Because there are few visitors in Suriname and the countryside is difficult to access, travel costs are greater than you would anticipate. Tourist attractions may be more costly than in Europe or the US. This is anticipated to change in the near future, since there is an annual rise in international visitors, necessitating the development of improved roads and other modes of transportation.
Hire a car if you’re not going far inland, but on dirt roads, always rent a four-wheel drive vehicle. The rental firm will inquire as to your destination. Some companies won’t let you travel into the forest in your vehicle unless you hire an SUV.
- Traffic in Suriname is on the left side of the road.
- There are a number of speed bumps with the word drempel written on them. These may be extremely high, forcing you to slow down to almost nothing. At the entrance and exit of neighborhoods and intersections, most bumps are built as twins.
- The majority of roadways lack traffic lines.

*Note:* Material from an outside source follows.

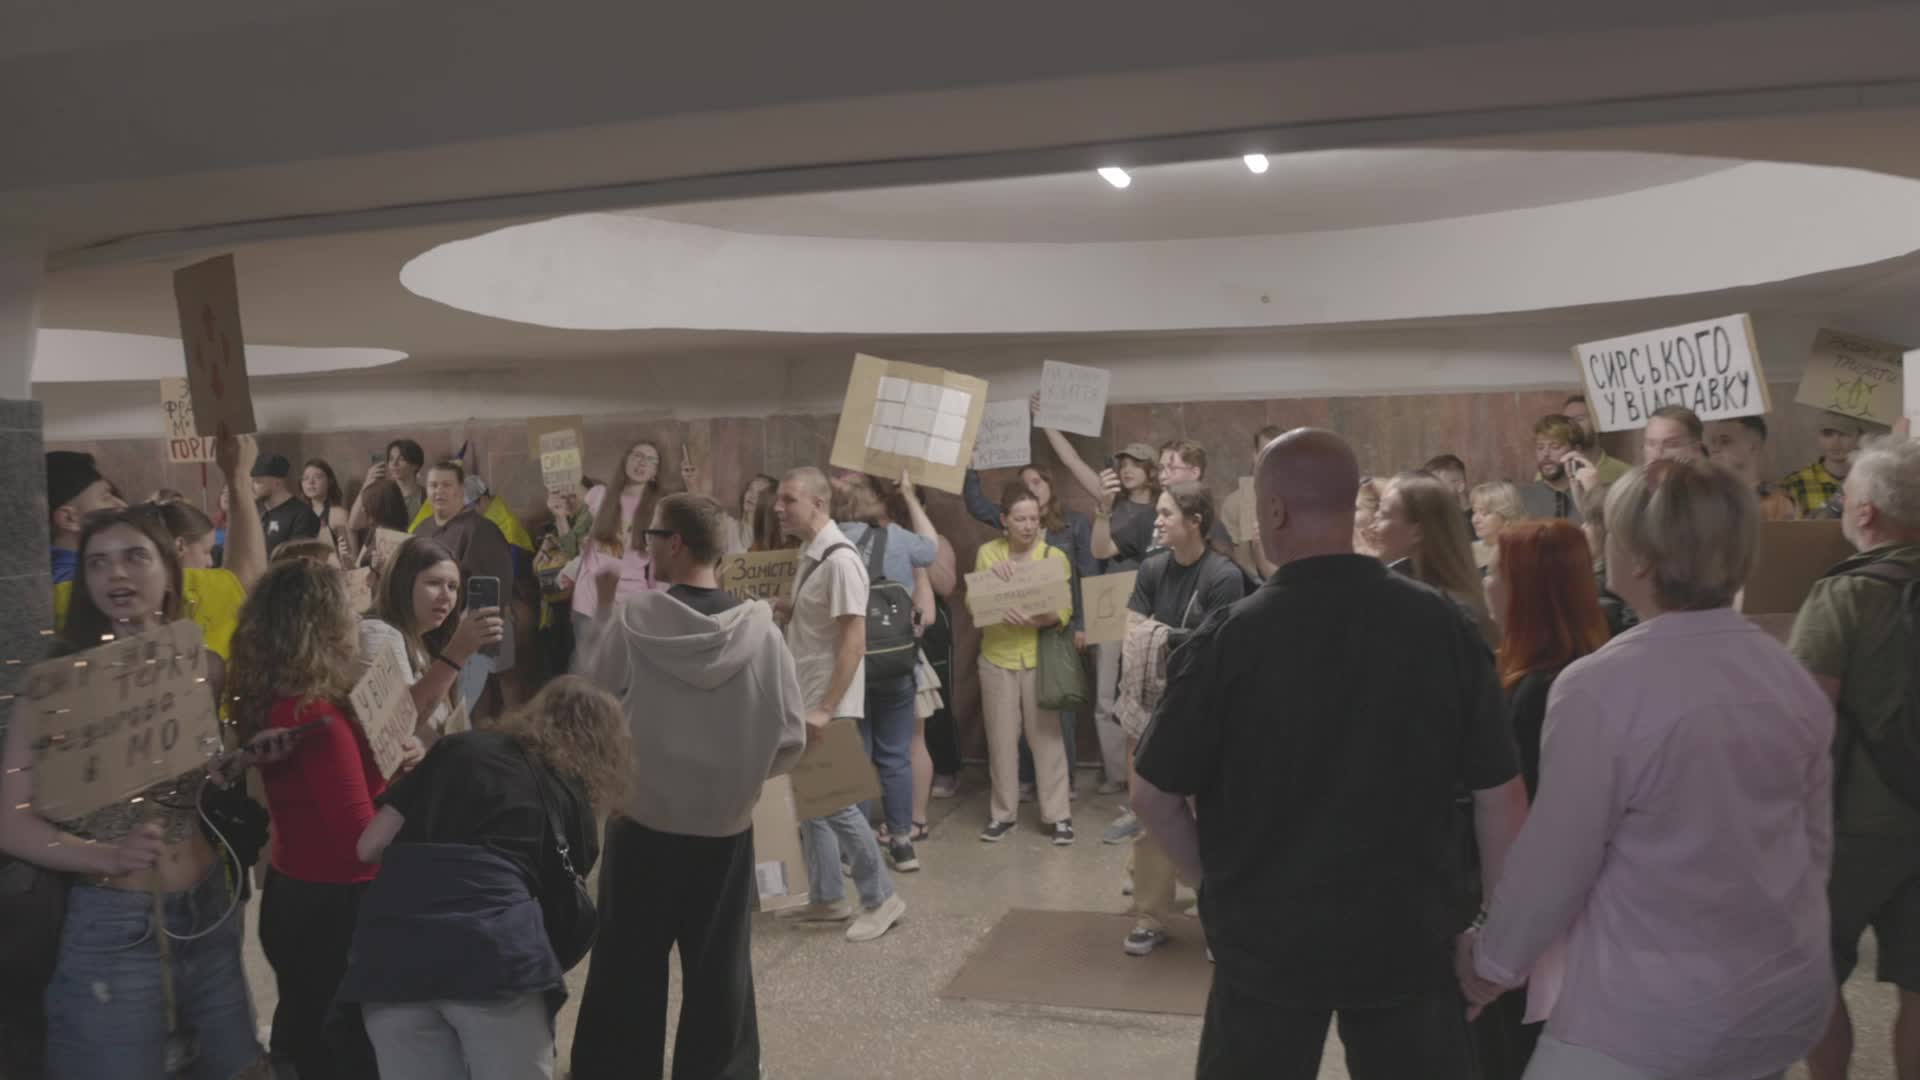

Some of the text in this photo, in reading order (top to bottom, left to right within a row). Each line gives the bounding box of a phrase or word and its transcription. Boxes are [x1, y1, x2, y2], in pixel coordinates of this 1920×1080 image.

[1589, 325, 1731, 390] СИРСЬКОГО
[1603, 370, 1749, 425] У ВІДСТАВКУ
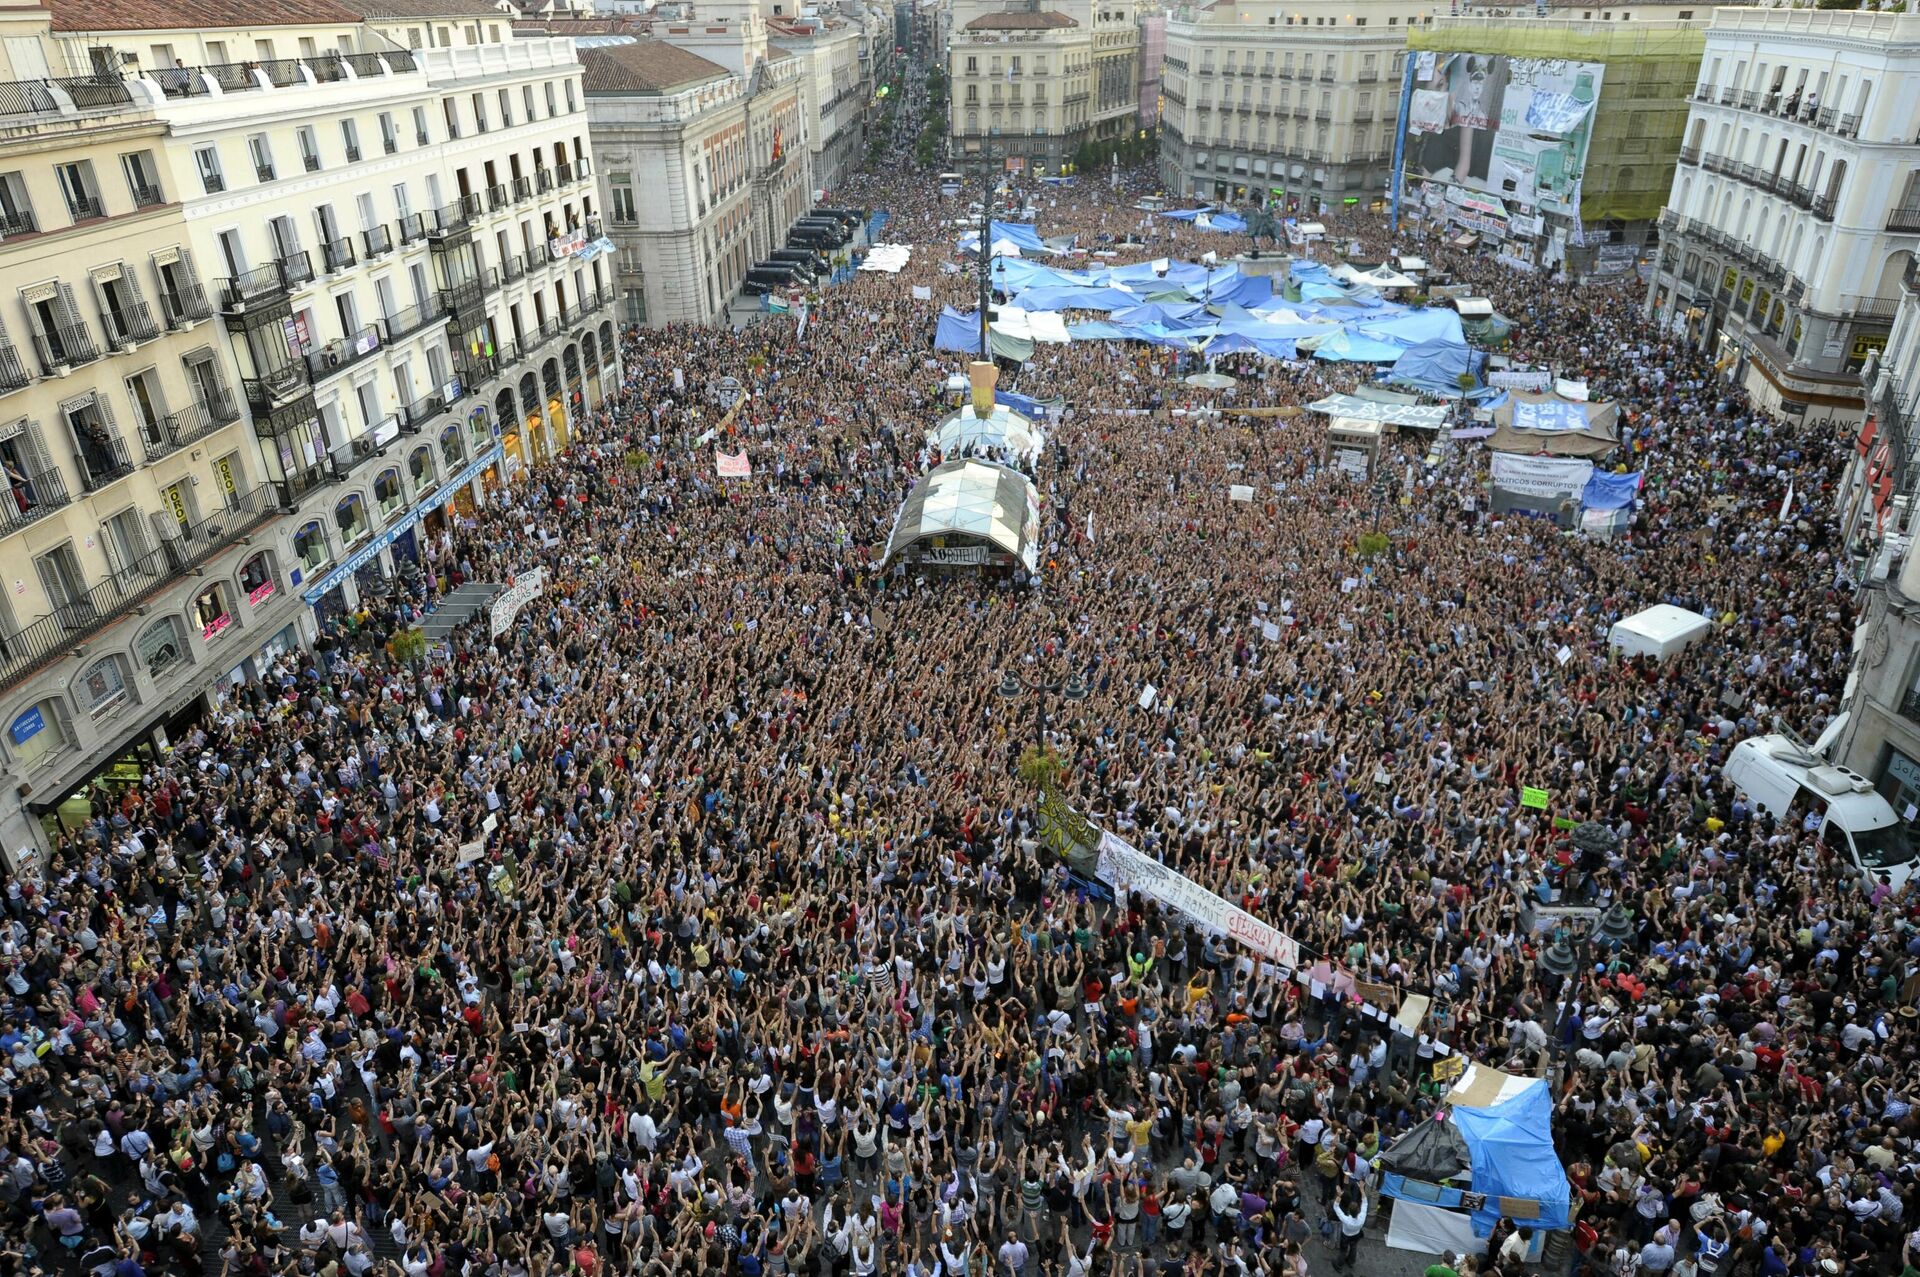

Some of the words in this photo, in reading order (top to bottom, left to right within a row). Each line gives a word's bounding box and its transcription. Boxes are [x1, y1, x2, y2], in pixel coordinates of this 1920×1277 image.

- Although there are few bridges, those ones you do come across may be in poor shape. Slow down as you drive. If you plan on driving to Jodensavanne, bear in mind that the Carolina bridge across the Suriname River is blocked due to a partial collapse. There is a car ferry that can accommodate approximately six cars.
- There are lots of petrol stations, but if you leave the paved roads, you’ll need to top up your tank.
You may rent a boat at a reasonable price at any riverside. Traveling with a tour guide is usually a good idea.
Two local aircraft provide private connections to the inner city. Gumair and Bluewing Airlines.